Shuichi drew a long breath.

He finally understood his daughter's certainty.

If that young man named Bill Gates could achieve what she described, then twenty million dollars was indeed an extraordinary bargain.

"It seems I ought to learn how to use a computer," Shuichi said with a self-deprecating laugh. He struck a match and lit his cigar.

Blue smoke curled upward, mingling with the misty rain beyond the window.

Half an hour later the telephone rang again.

"Miss Saionji!"

Frank sounded as though he had just run a marathon—breathless, yet unable to conceal his excitement.

"It's insane! Absolutely insane!"

"The opening price jumped straight to twenty-one dollars, then kept climbing! The buying pressure is ferocious! We had to fight to secure our allocation!"

"What is the price now?" Satsuki asked, perfectly composed.

"Twenty-six dollars—and still rising!" Frank nearly shouted. "My God, in just half an hour we already show an unrealized gain of twenty percent! This is faster than robbing a bank!"

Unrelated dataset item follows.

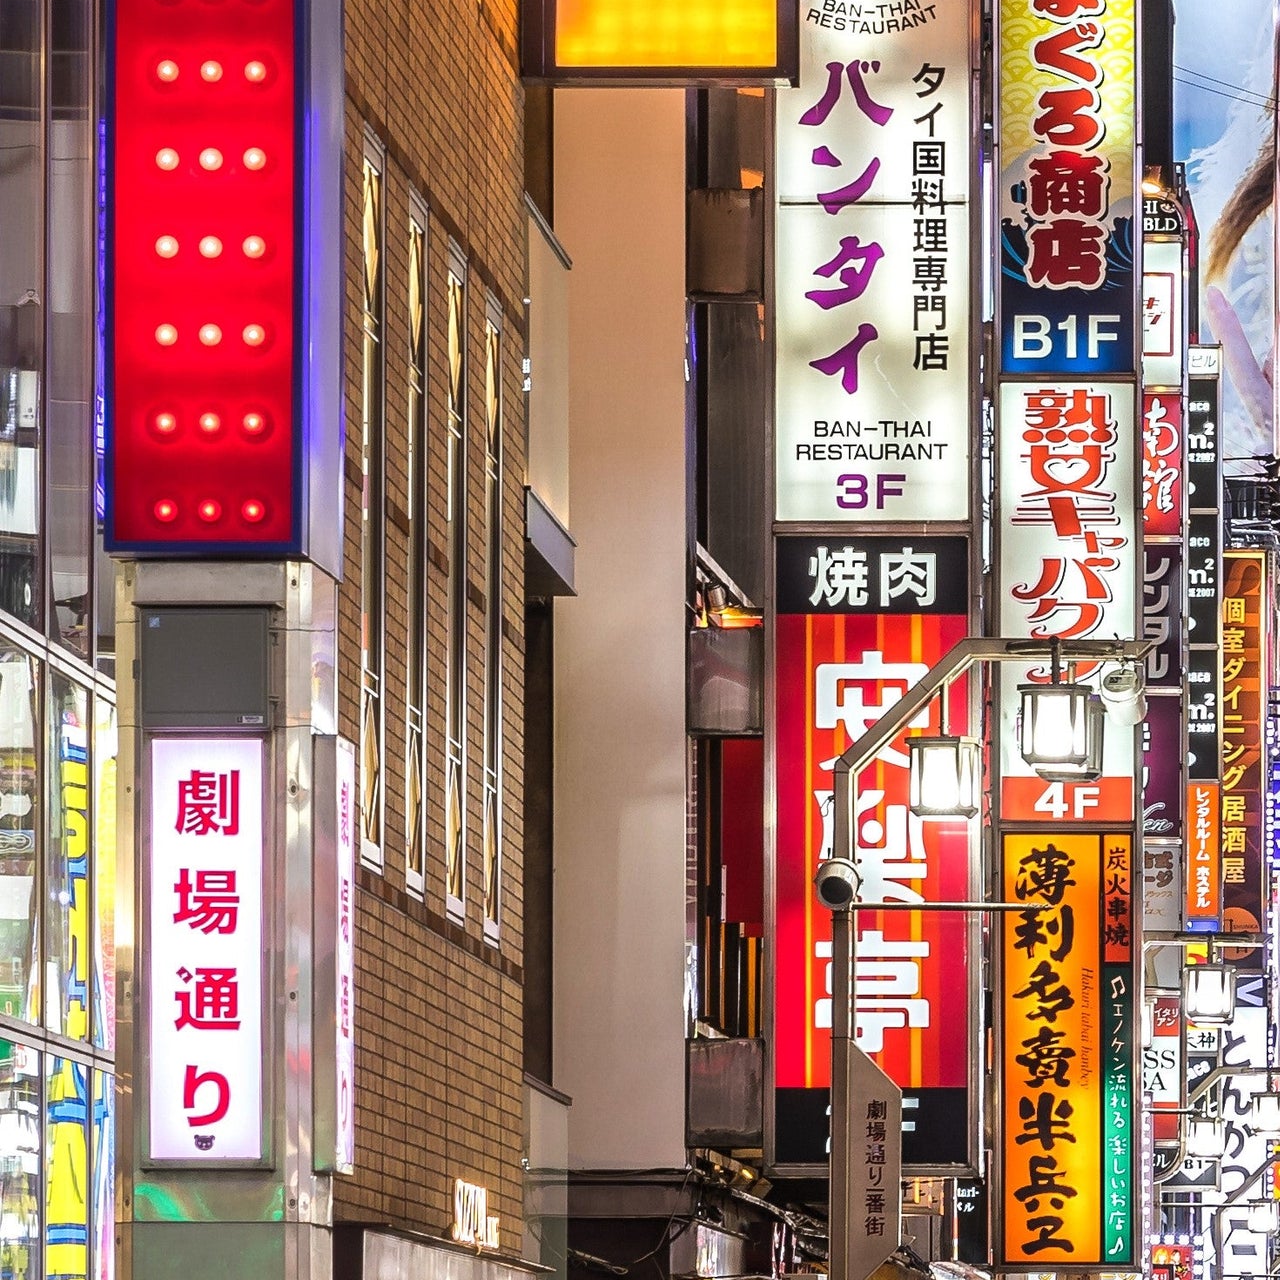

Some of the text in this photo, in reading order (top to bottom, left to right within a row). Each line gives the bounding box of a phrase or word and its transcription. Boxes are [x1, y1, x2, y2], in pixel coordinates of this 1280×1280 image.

Shuichi's hand jerked; a long ash fell onto his trousers.

Half an hour. Twenty percent.

That meant… eight hundred million yen?

When he had purchased the Ginza building, drinking and negotiating with bureaucrats, exhausting every diplomatic skill for the renovation, the expected profit had been roughly the same sum.

And tonight he had merely sat on a sofa, made a telephone call, and sipped tea.

A powerful sense of unreality washed over him.

Is this the power of finance?

Is this the "new world" his daughter spoke of?

"Continue to hold," Satsuki instructed, her voice unruffled, as though the eight hundred million yen were mere dust on the floor.

"Do not sell. Not a single share."

"But…" Frank began, clearly tempted to suggest taking profits.

"Frank."

Satsuki's tone softened slightly yet remained impossible to challenge.

"Listen carefully. I want you to lock these shares away in a safe. They are a Saionji family heirloom. Do you understand?"

"Even if the price falls to zero tomorrow, you are not permitted to sell. Not unless I am dead."

"…Understood." Frank sounded bewildered, but the client was god—especially one who generated such handsome commissions.

Satsuki hung up.

Silence returned to the office, broken only by the steady rhythm of rain against the glass.

Shuichi looked at his daughter.

Satsuki had settled back onto the sofa and resumed reading The Wall Street Journal, showing no particular attachment to the financial miracle that had just unfolded.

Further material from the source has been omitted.